Existe uma diferença prática na aplicação do dinheiro:
- Fundo Partidário: rerba permanente destinada à manutenção diária, sedes e contas administrativas dos partidos.
- Fundo Eleitoral 2026: recursos temporários voltados exclusivamente para custear gastos eleitorais em ano de eleição.
Cálculo da divisão dos R$ 4,9 bilhões
A divisão da bolada de R$ 4,9 bilhões do Fundo Eleitoral 2026 não acontece por acaso nem por decisão individual dos ministros. O TSE aplica uma fórmula matemática rígida, prevista em lei, que privilegia o tamanho e o desempenho de cada legenda nas urnas.
Na prática, quanto maior a bancada no Congresso e a votação obtida na última eleição para a Câmara, maior é a fatia do bolo público direcionada para financiar as campanhas.
O maior peso dessa conta fica concentrado na Câmara dos Deputados, onde o número de cadeiras conquistadas define o destino de quase metade da verba, exatos 48% do bolo.
A votação obtida para a mesma Casa na eleição geral anterior responde por outros 35%, enquanto a representatividade das bancadas no Senado Federal garante a fatia de 15% do Fundo Eleitoral 2026.
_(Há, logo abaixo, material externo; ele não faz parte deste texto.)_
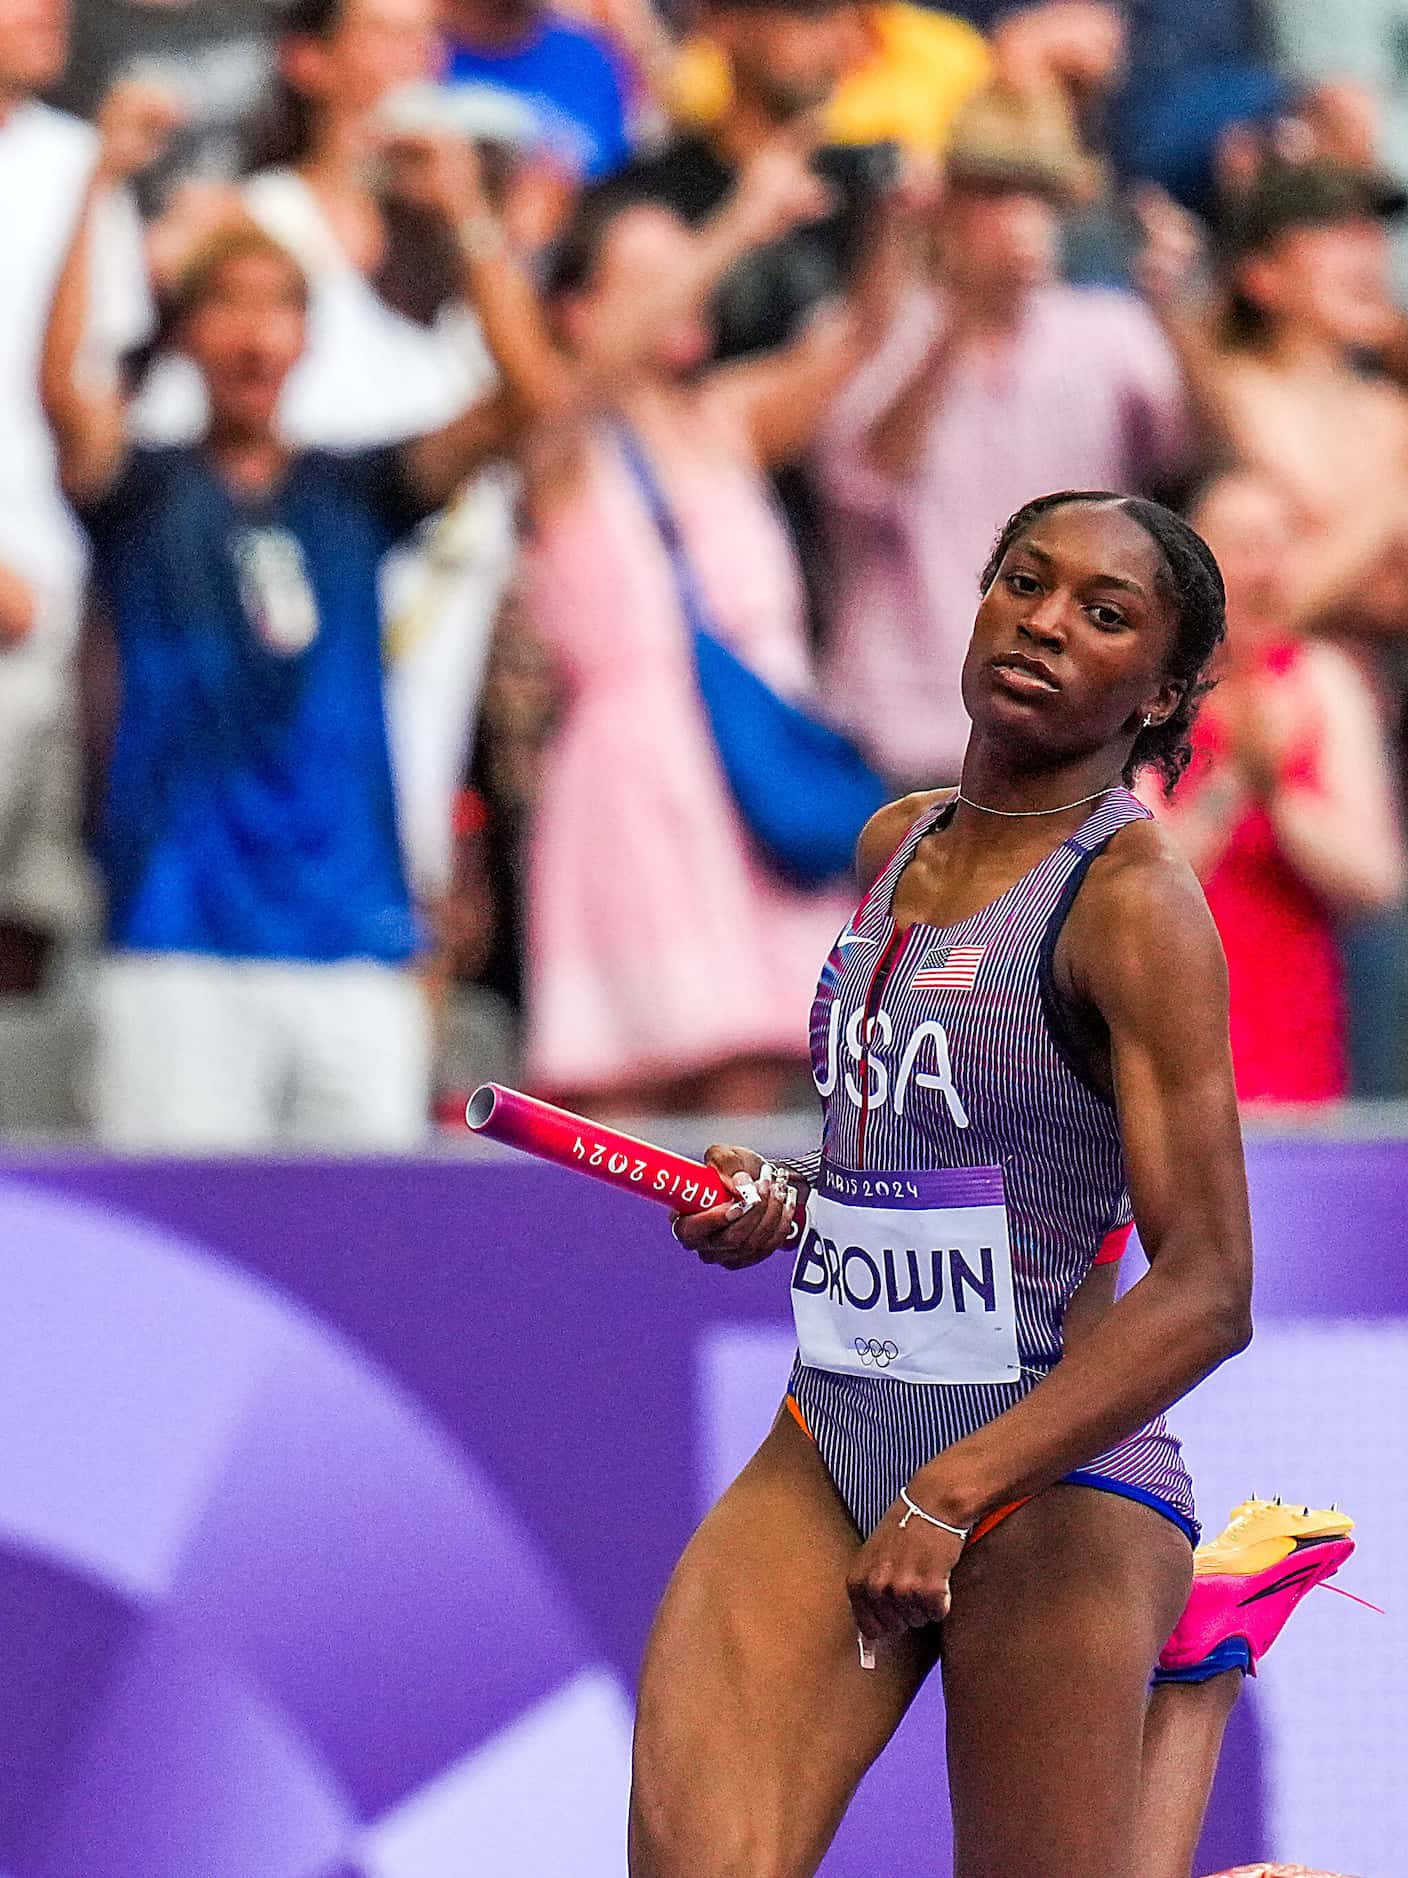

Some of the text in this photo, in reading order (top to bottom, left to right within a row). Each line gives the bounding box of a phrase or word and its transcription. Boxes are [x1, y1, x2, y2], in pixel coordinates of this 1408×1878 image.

[812, 998, 969, 1129] USA
[572, 1136, 648, 1182] 2024
[863, 1180, 918, 1198] 2024
[792, 1227, 996, 1313] BROWN
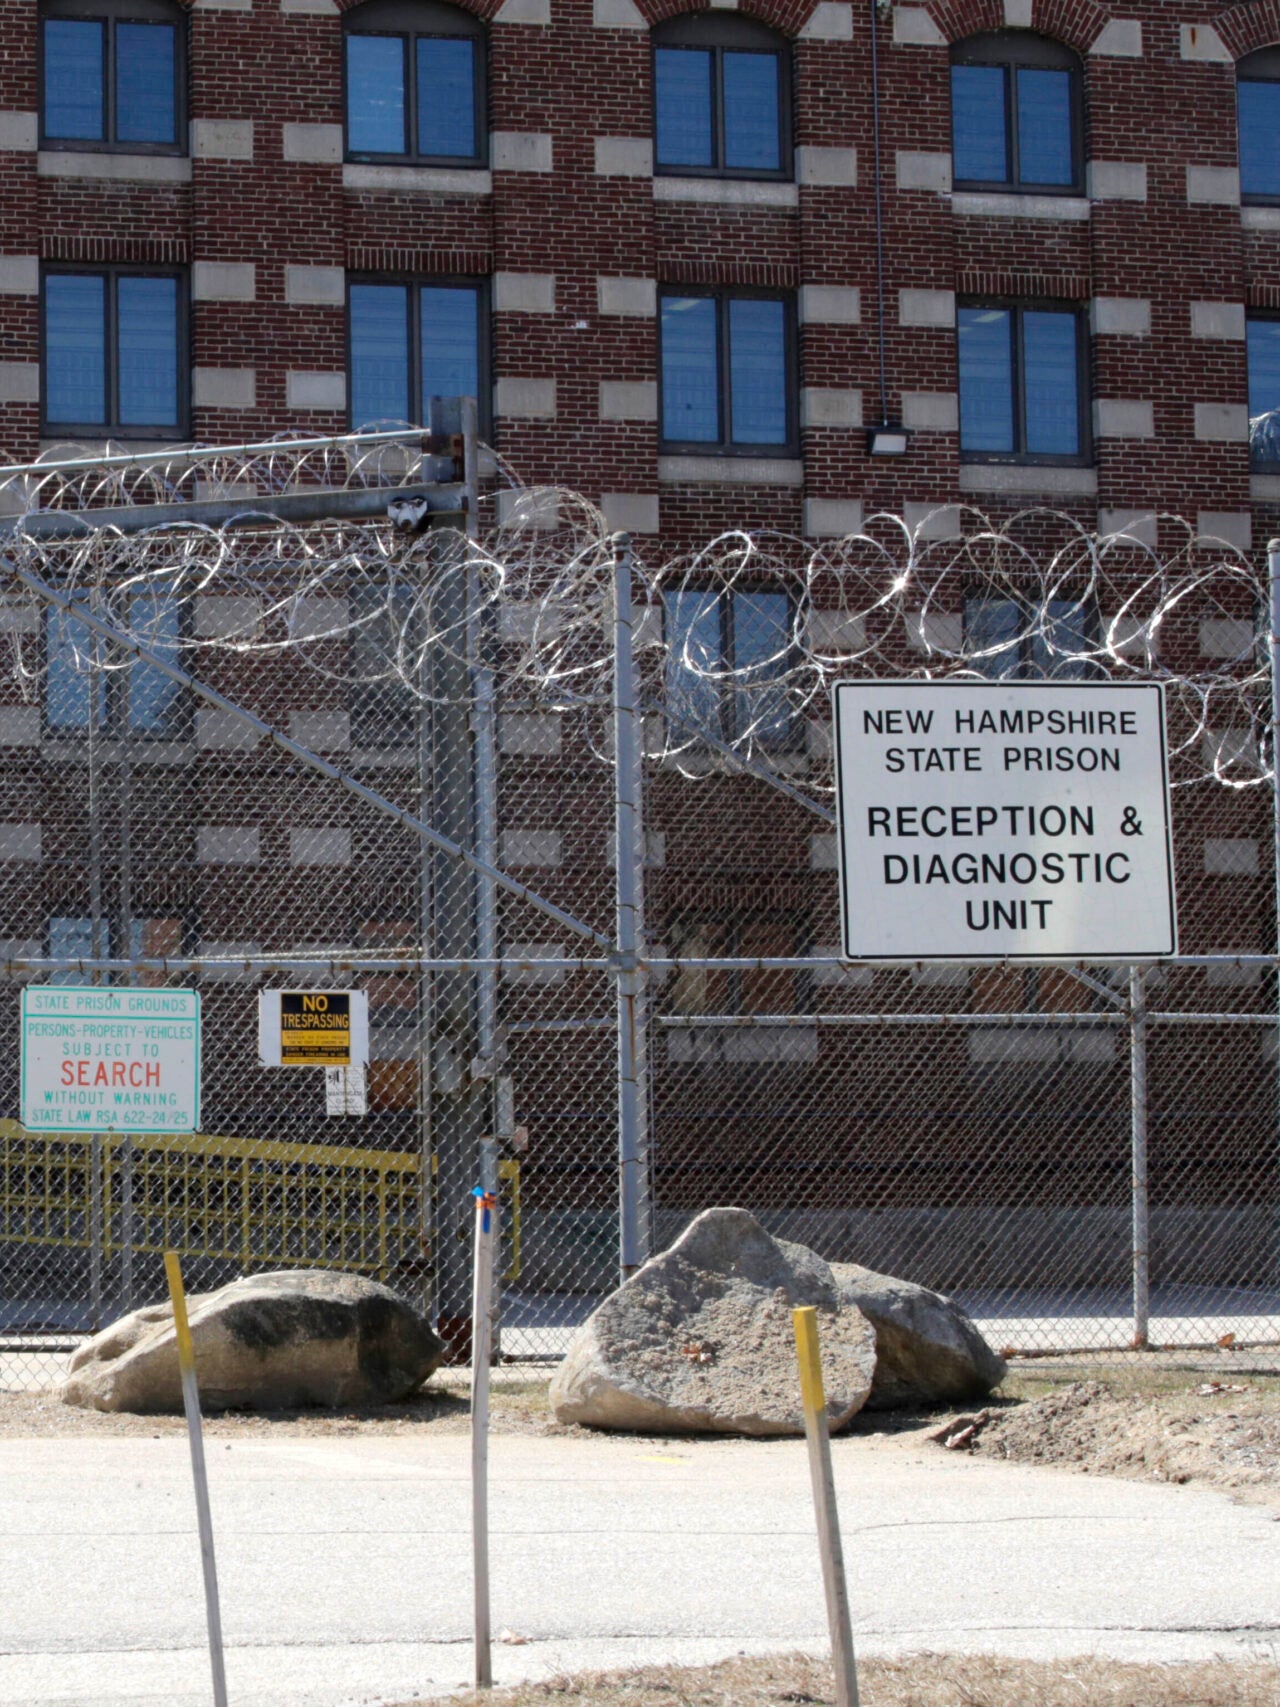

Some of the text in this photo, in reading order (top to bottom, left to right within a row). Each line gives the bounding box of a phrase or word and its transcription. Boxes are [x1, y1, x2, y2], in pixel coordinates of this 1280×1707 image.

[863, 710, 1138, 735] NEW HAMPSHIRE
[885, 747, 1120, 773] STATE PRISON
[867, 806, 1144, 837] RECEPTION &
[883, 852, 1131, 885] DIAGNOSTIC
[965, 899, 1053, 931] UNIT
[35, 995, 187, 1012] STATE PRISON GROUNDS
[302, 995, 329, 1012] NO
[282, 1013, 349, 1028] TRESPASSING
[28, 1023, 193, 1040] PERSONS-PROPERTY-VEHICLES
[62, 1042, 159, 1057] SUBJECT TO
[61, 1060, 160, 1087] SEARCH
[43, 1091, 177, 1106] WITHOUT WARNING
[32, 1109, 63, 1122] STATE
[69, 1111, 92, 1123] LAW
[97, 1111, 118, 1124] RSA
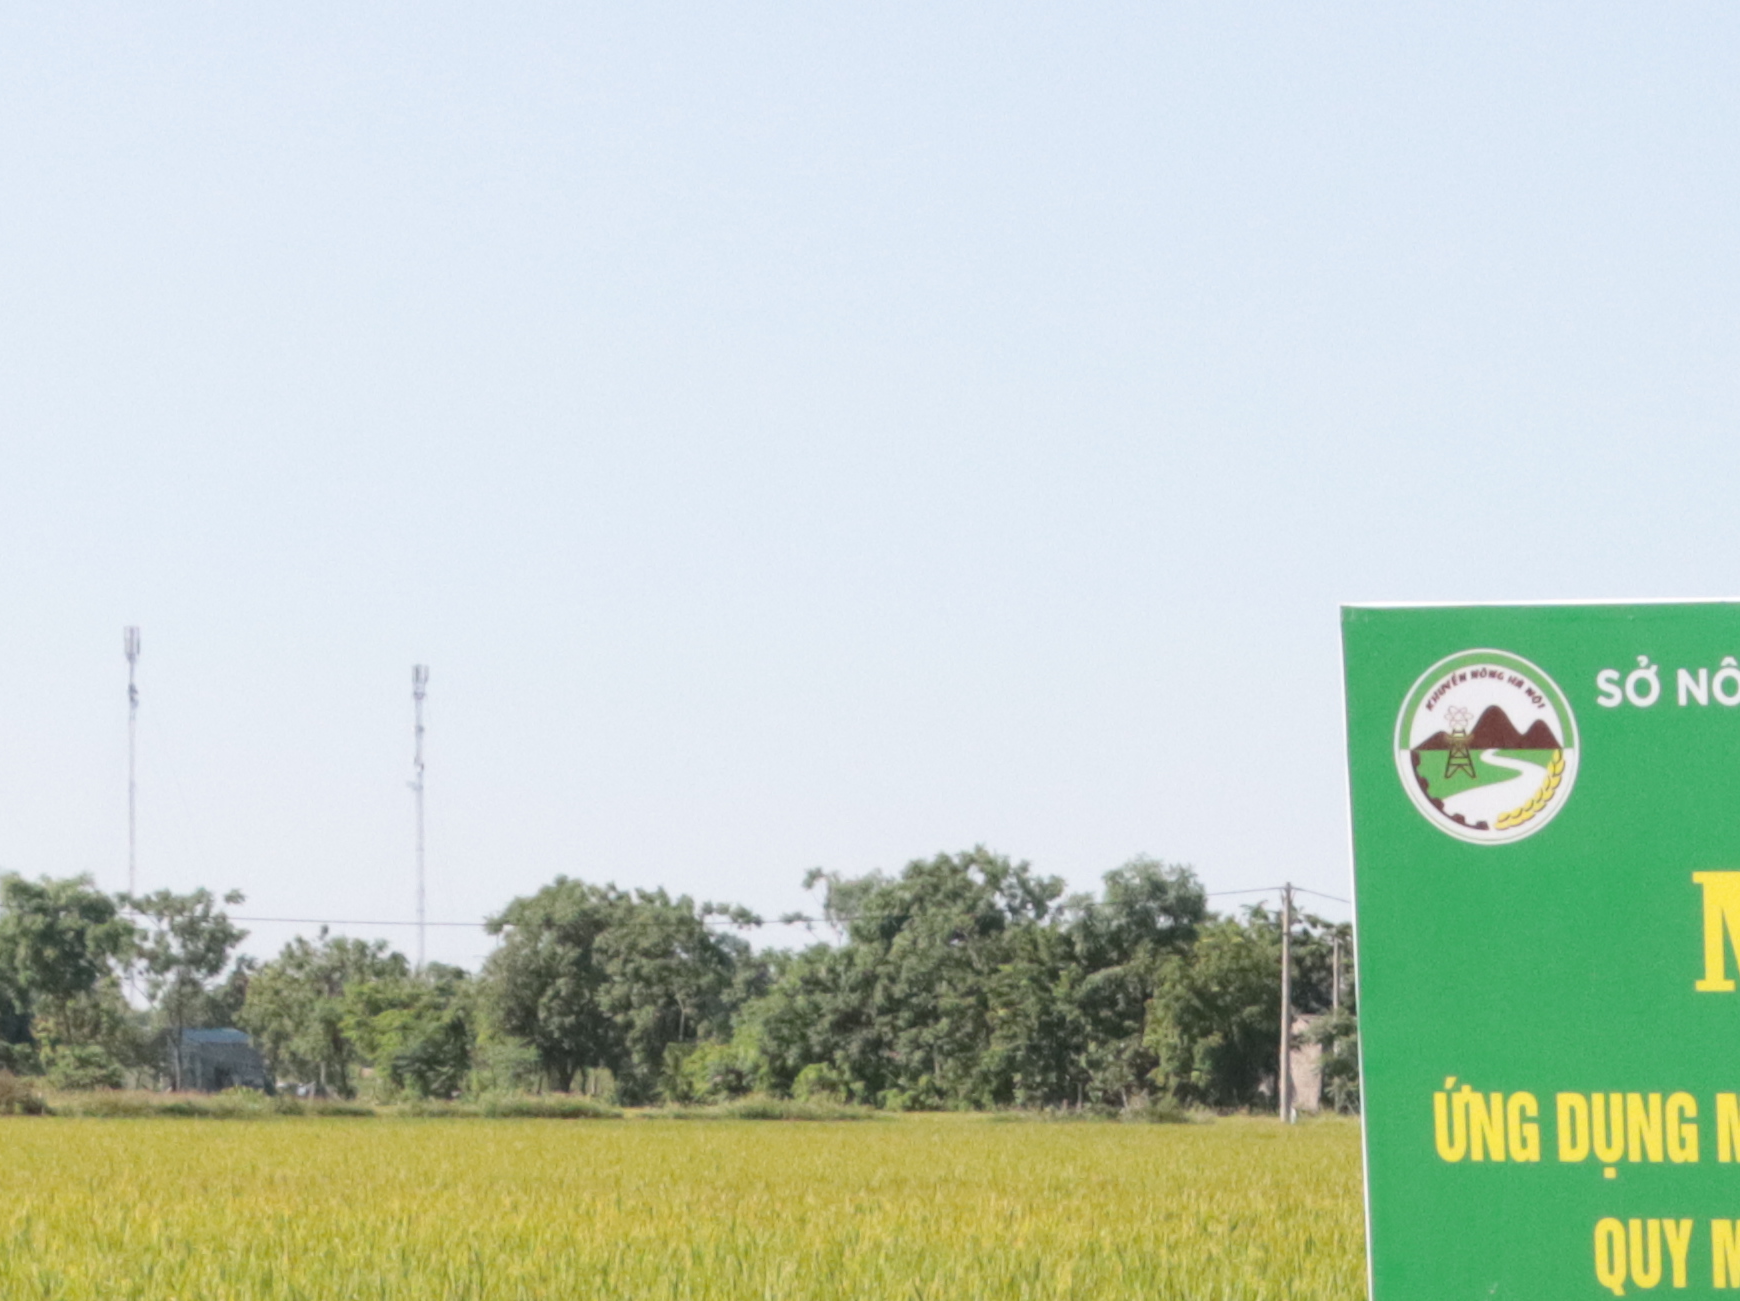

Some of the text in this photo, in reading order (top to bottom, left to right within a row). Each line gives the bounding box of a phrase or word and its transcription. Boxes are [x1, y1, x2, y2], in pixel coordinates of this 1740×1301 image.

[1596, 656, 1661, 707] SỞ
[1434, 1076, 1541, 1162] ỨNG
[1556, 1091, 1699, 1179] DỤNG
[1594, 1217, 1693, 1296] QUY
Como única medida de incentivo linear, apenas 2% do total é repartido de forma rigorosamente igual entre todas as siglas registradas no país, desenhando um cenário em que os grandes blocos partidários dominam a maior parte dos recursos públicos para o financiamento de campanhas.
Em termos práticos, 83% de todo o montante bilionário é distribuído com base no desempenho na Câmara dos Deputados (somando eleitos e votos válidos). Isso significa que as siglas com maior força política centros populacionais garantem a hegemonia dos recursos, enquanto legendas menores sobrevivem com o piso fixo de 2%.
Fiscalização da verba do Fundo Eleitoral 2026
Para receber a verba, a direção de cada sigla precisa aprovar critérios internos transparentes e enviar o plano ao TSE. O cidadão pode conferir todas as receitas e despesas registradas pelos candidatos no portal DivulgaCandContas. Caso a Justiça Eleitoral identifique irregularidades ou desvio de finalidade, o partido deve devolver o dinheiro aos cofres públicos e responder a sanções legais.